Write out all of the records below precisely as given, omitting the images.

___ Records provided

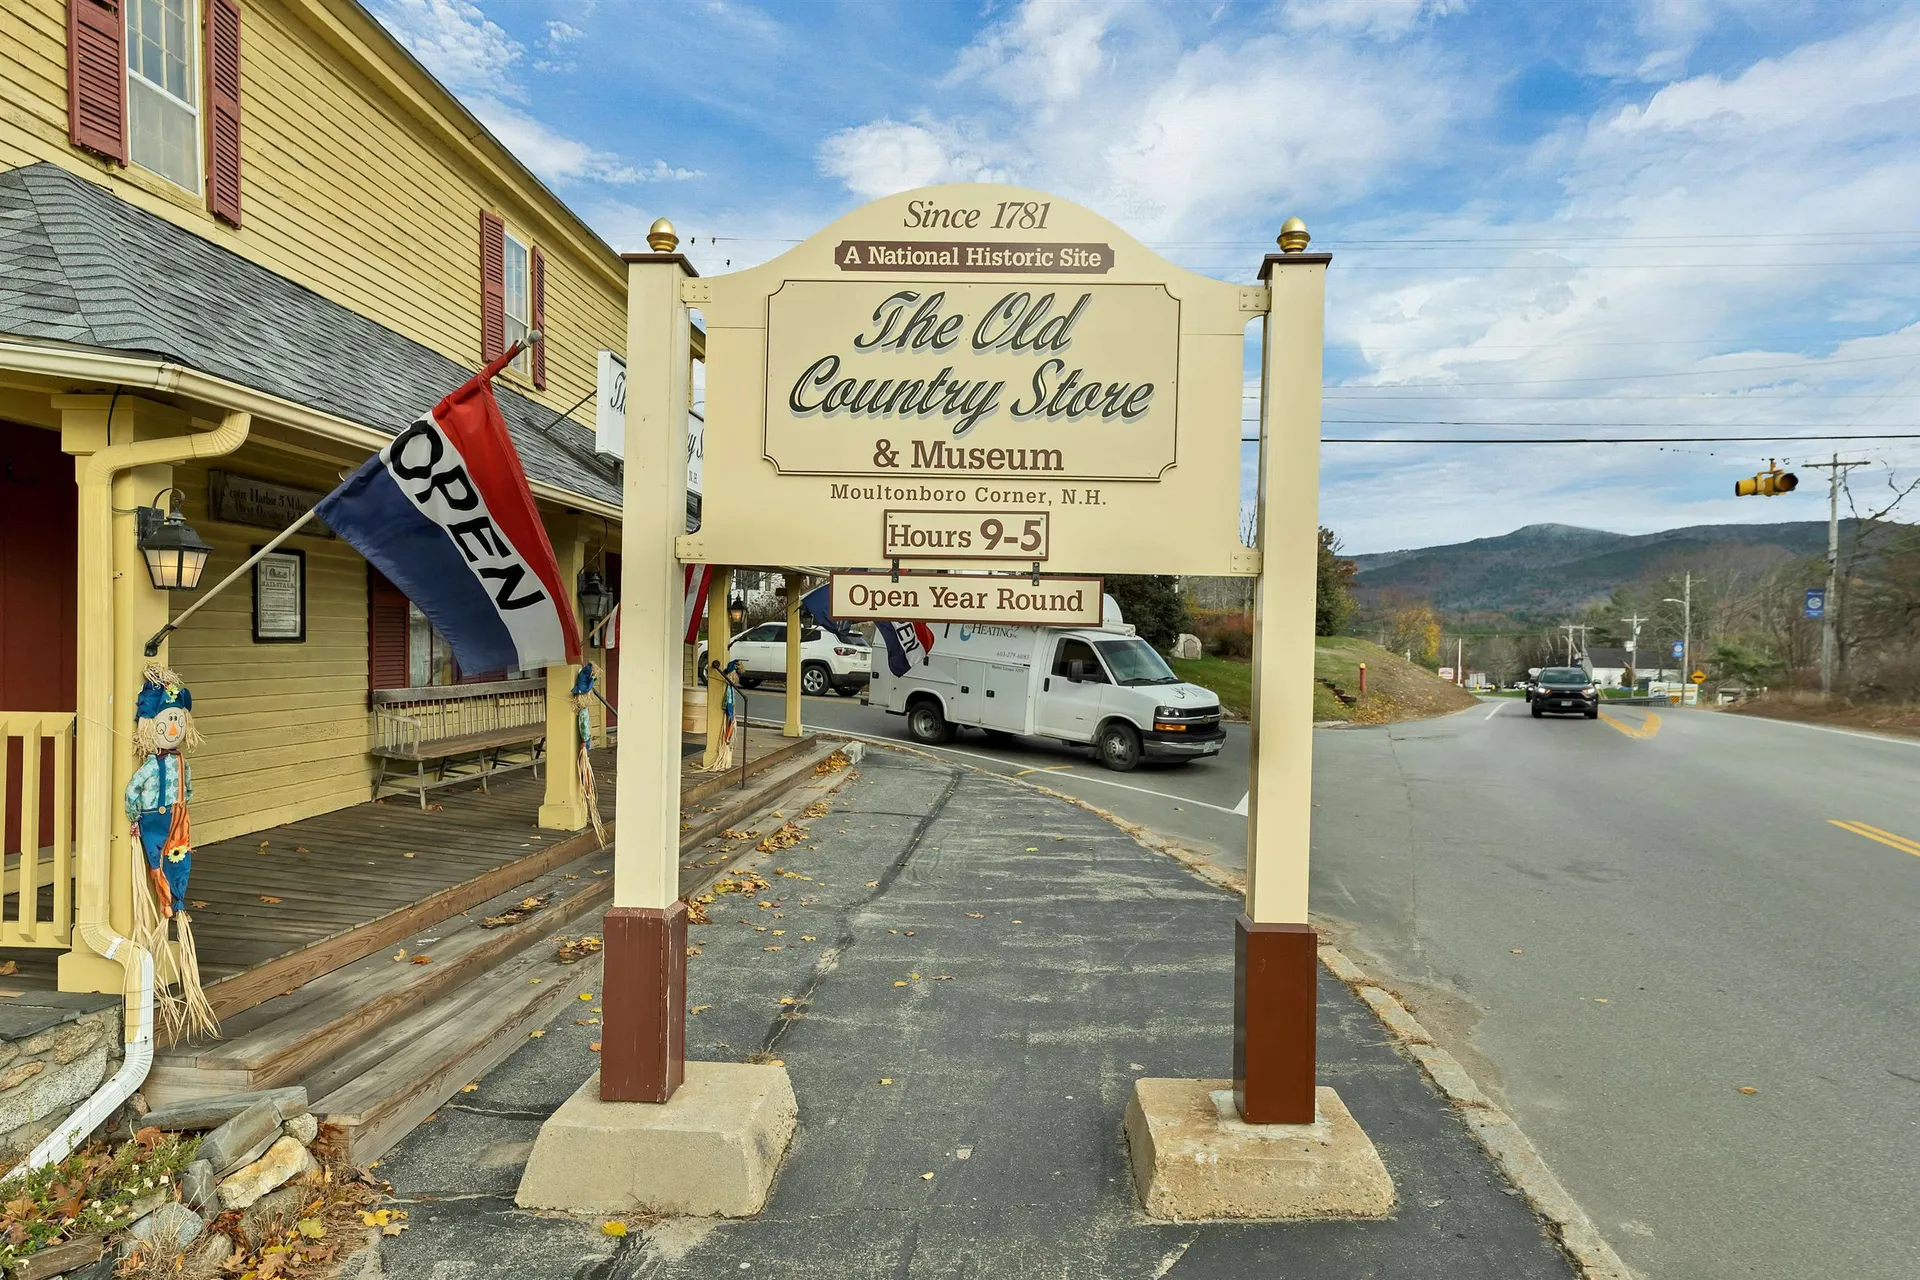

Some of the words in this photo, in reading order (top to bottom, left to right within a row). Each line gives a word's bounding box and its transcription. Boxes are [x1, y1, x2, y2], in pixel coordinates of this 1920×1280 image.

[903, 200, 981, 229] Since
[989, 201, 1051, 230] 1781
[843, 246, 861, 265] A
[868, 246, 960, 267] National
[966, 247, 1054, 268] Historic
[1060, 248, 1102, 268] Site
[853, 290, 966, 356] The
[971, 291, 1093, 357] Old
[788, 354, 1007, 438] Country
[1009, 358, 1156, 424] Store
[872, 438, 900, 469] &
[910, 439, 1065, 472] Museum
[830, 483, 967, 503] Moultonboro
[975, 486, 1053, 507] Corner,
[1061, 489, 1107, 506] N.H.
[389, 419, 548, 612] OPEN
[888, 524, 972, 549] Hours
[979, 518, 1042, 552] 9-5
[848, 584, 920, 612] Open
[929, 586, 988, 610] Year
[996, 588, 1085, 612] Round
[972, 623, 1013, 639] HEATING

______

**Exercise response:**
Some of the words in this photo, in reading order (top to bottom, left to right within a row). Each line gives a word's bounding box and its transcription. Boxes are [x1, y1, x2, y2], in pixel coordinates of this 1920×1280 image.

[903, 200, 981, 229] Since
[989, 201, 1051, 230] 1781
[843, 246, 861, 265] A
[868, 246, 960, 267] National
[966, 247, 1054, 268] Historic
[1060, 248, 1102, 268] Site
[853, 290, 966, 356] The
[971, 291, 1093, 357] Old
[788, 354, 1007, 438] Country
[1009, 358, 1156, 424] Store
[872, 438, 900, 469] &
[910, 439, 1065, 472] Museum
[830, 483, 967, 503] Moultonboro
[975, 486, 1053, 507] Corner,
[1061, 489, 1107, 506] N.H.
[389, 419, 548, 612] OPEN
[888, 524, 972, 549] Hours
[979, 518, 1042, 552] 9-5
[848, 584, 920, 612] Open
[929, 586, 988, 610] Year
[996, 588, 1085, 612] Round
[972, 623, 1013, 639] HEATING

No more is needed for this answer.